Laki-laki itu terlihat bingung, namun dia kembali mendekat ke arahku. Tanpa pikir panjang aku langsung menendangnya sehingga tubuh kurus itu terpental ke belakang. Insting karena merasa terancam dan ingin menyelamatkan diri memberiku kekuatan untuk menendang dan berteriak. Dalam kegelapan aku melihat laki-laki itu masih bingung. Akhirnya teriakanku membuatnya berfikir cepat untuk menyelamatkan diri sebelum seisi kost terbangun. Laki-laki itu kabur melalui pintu samping kost tanpa meninggalkan jejak apapun. Aku masih terus berteriak sehingga Mas Bram dan teman-teman yang lain terbangun dan dalam sekejab mereka sudah berkumpul di depan kamarku.

“Ada yang hilang gak Nov?” tanya Mas Bram khawatir sembari masuk kamarku dan menghidupkan lampu.
“Aneh, gak ada Mas,” jawabku setelah memeriksa isi dompet, komputer dll. Tidak ada satupun barangku yang hilang.
“Looooh…ini kok kasurmu banyak pasir gini?” Mas Bram terkejut sambil memegang seprei tempat tidurku dan memungut pasir-pasir tersebut.

“Nov, ini juga ada di depan kamarku, dan di teras ini semua juga banyak pasir lho,” seru Uke seraya menunjuk ke teras yang memang penuh pasir berserakan.
“Loh? kok bisa? apa maksudnya ini Mas?” tanyaku kepada Mas Bram, aku masih bingung dan shock dengan kejadian yang baru aku alami tersebut.

“Kamu kena sirep, kalian semua kena sirep,” ujar mas Bram yakin.
“Sirep itu apa Mas? aku gak paham, baru kali ini aku mendengarnya,” aku mengangkat bahu sembari menatap Mas Bram, meminta penjelasan.

“Sirep itu ilmu supaya korbannya mengantuk dan tertidur pulas, medianya berupa pasir,” jelas Mas Bram.

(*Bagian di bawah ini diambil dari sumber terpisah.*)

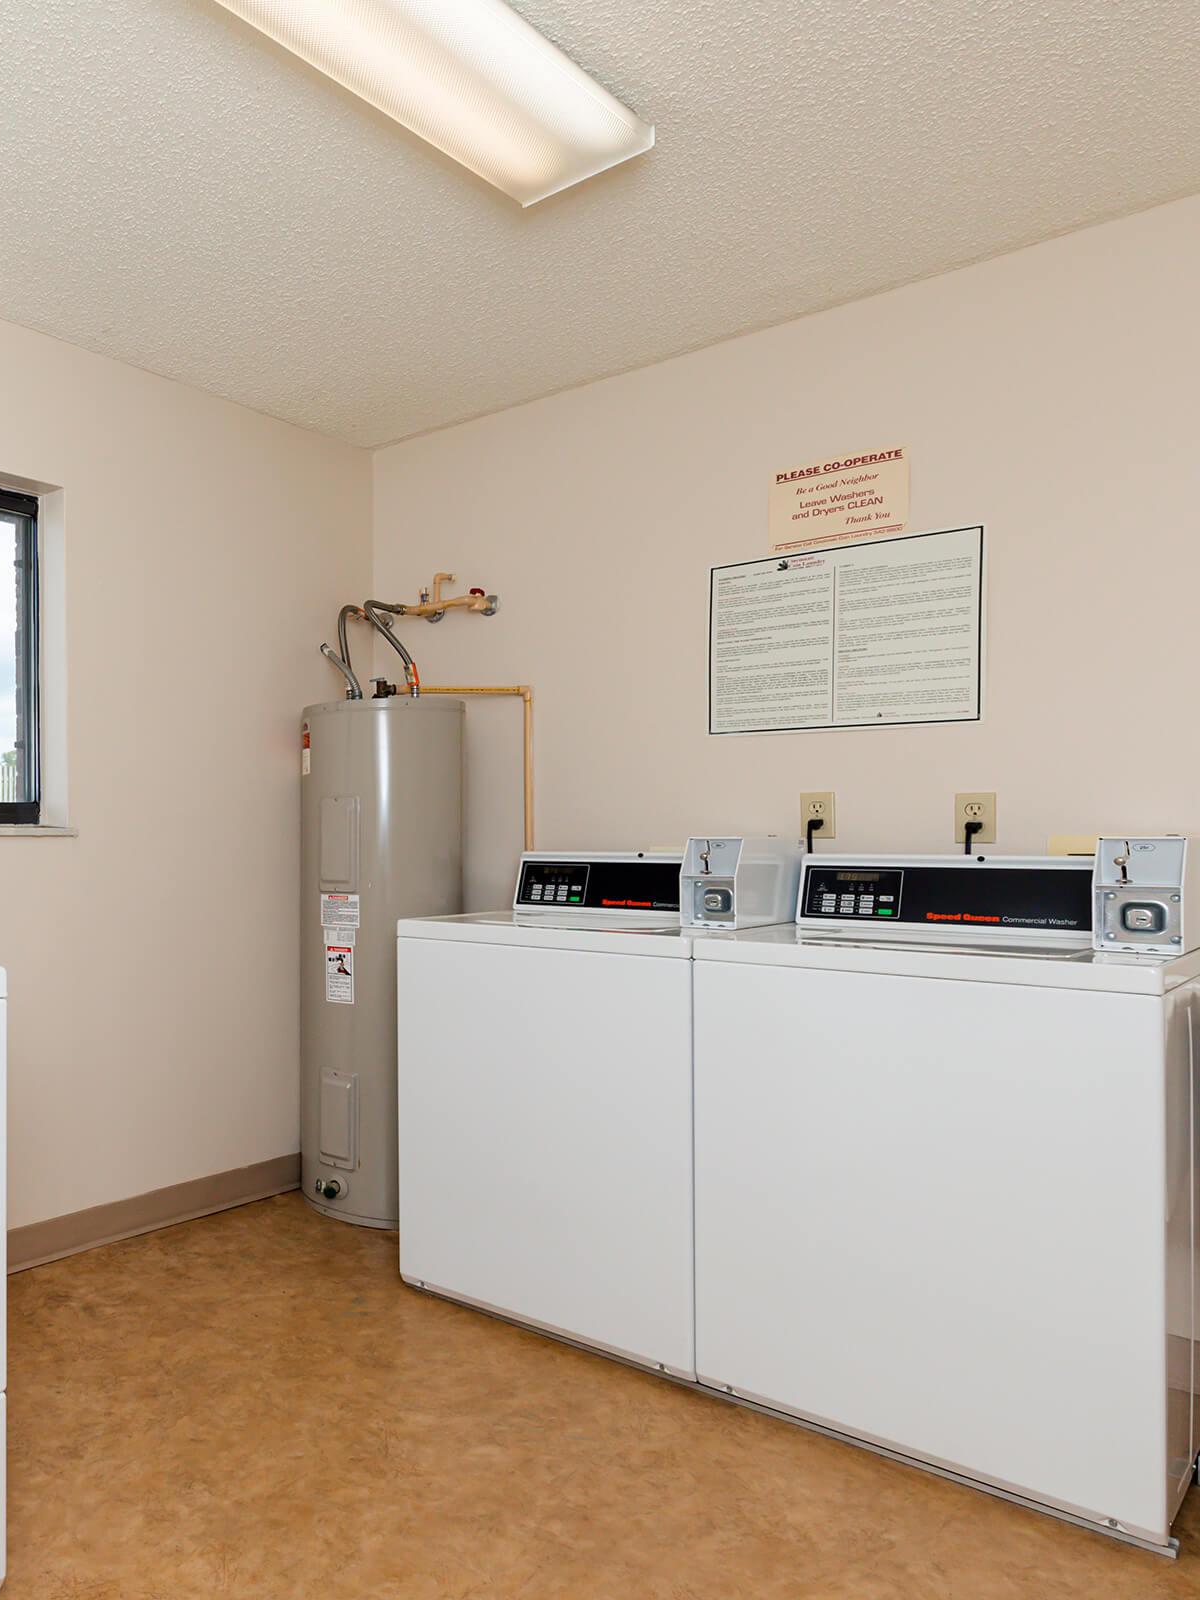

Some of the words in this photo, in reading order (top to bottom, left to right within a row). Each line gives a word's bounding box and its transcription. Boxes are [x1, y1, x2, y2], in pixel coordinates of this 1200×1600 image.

[776, 466, 820, 482] PLEASE
[824, 449, 902, 471] CO-OPERATE
[796, 487, 807, 495] Be
[816, 481, 838, 491] Good
[840, 473, 879, 486] Neighbor
[792, 510, 809, 520] and
[812, 504, 844, 517] Dryers
[847, 496, 883, 509] CLEAN
[800, 499, 826, 509] Leave
[830, 488, 875, 502] Washers
[845, 511, 872, 524] Thank
[874, 511, 891, 520] You
[927, 912, 961, 920] Speed
[963, 913, 1000, 922] Queen
[1002, 916, 1047, 925] Commercial

“Ini pasir sengaja disebar di teras dan kasur kamu Nov, kamu udah diincar,” ujar Uke sambil bergidik, membuat bulu romaku berdiri. Tidak lama kemudian terdengar suara ramai di luar tembok kost. Pintu belakang yang digunakan pelaku untuk kabur ternyata masih terbuka. Terlihat beberepa orang laki-laki berdiri di luar. Ternyata mereka petugas ronda yang berjaga malam.

“Bagaimana kejadiannya Mas?” salah satu lelaki yang berdiri di depan pagar bertanya, dan aku lihat Mas Bram menjelaskan dengan rinci. Para pemuda ronda tersebut mendengarkan sembari mengangguk-angguk.
“Nov, nanti mereka akan selidiki siapa pelakunya. Tadi aku sudah jelaskan ciri-cirinya,” kata Mas Bram bersemangat, mungkin bermaksud menghiburku.

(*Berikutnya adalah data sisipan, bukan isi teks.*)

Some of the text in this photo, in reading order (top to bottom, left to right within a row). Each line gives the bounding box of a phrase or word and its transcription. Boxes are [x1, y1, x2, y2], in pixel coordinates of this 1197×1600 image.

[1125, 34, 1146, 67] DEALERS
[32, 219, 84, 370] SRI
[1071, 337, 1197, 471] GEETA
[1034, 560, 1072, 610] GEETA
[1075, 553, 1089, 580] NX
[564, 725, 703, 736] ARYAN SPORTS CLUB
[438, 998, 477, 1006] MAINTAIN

Namun feelingku mengatakan pelakunya adalah laki-laki teman Mas Bram yang suka bermain gitar di ruang tengah. Ciri-ciri fisiknya sama. Dan secara logika bagaimana dia punya akses masuk ke kost jika dia tidak tahu situasi di dalam kos? pikiranku dipenuhi berbagai pertanyaan dan alibi-alibi. Namun aku hanya bisa terdiam. Lidahku tak mampu mengucap kata dan menyampaikan alibi itu kepada Mas Bram. Kamar yang demikian gelap membuat wajah si pelaku tidak jelas terlihat.

Hari-hari selanjutnya aku masih dihantui perasaan trauma, itu terjadi jika aku sedang keluar kost sendirian. Aku selalu merasa ada sosok kurus dan berambut gondrong mengikuti di belakang. Aku menjadi paranoid akibat kejadian malam itu. Selang seminggu setelah kejadian itu Mas Bram mengatakan kepadaku bahwa pemuda ronda belum berhasil menemukan pelaku dengan ciri-ciri fisik yang sudah dijelaskan Mas Bram kepada mereka. Dan anehnya juga, si laki-laki teman Mas Bram yang suka bermain gitar itu tidak pernah datang lagi mengunjungi Mas Bram. Sosok itu hilang seperti ditelan bumi. Firasatku mengatakan bahwa benar dialah pelakunya. Jika bukan dia, untuk apa dia menghindar? sepertinya dia ketakutan jika aku mengenali dia hingga dia memilih untuk menghindar.

Dalam hati aku berdoa semoga laki-laki itu bertobat, tidak lagi mengulangi perbuatannya. Mungkin saat itu dia bisa lolos dari rasa malu dan jerat hukum karena ketahuan mempraktekan ilmu sirep untuk melakukan pelecehan terhadapku. Namun alangkah malangnya jika ada lagi Novi-Novi yang lain dan berhasil menjadi korban atas aksi tidak terpujinya itu. Aku bisa lolos dari aksi keji tersebut karena aku merasa Allah menjagaku.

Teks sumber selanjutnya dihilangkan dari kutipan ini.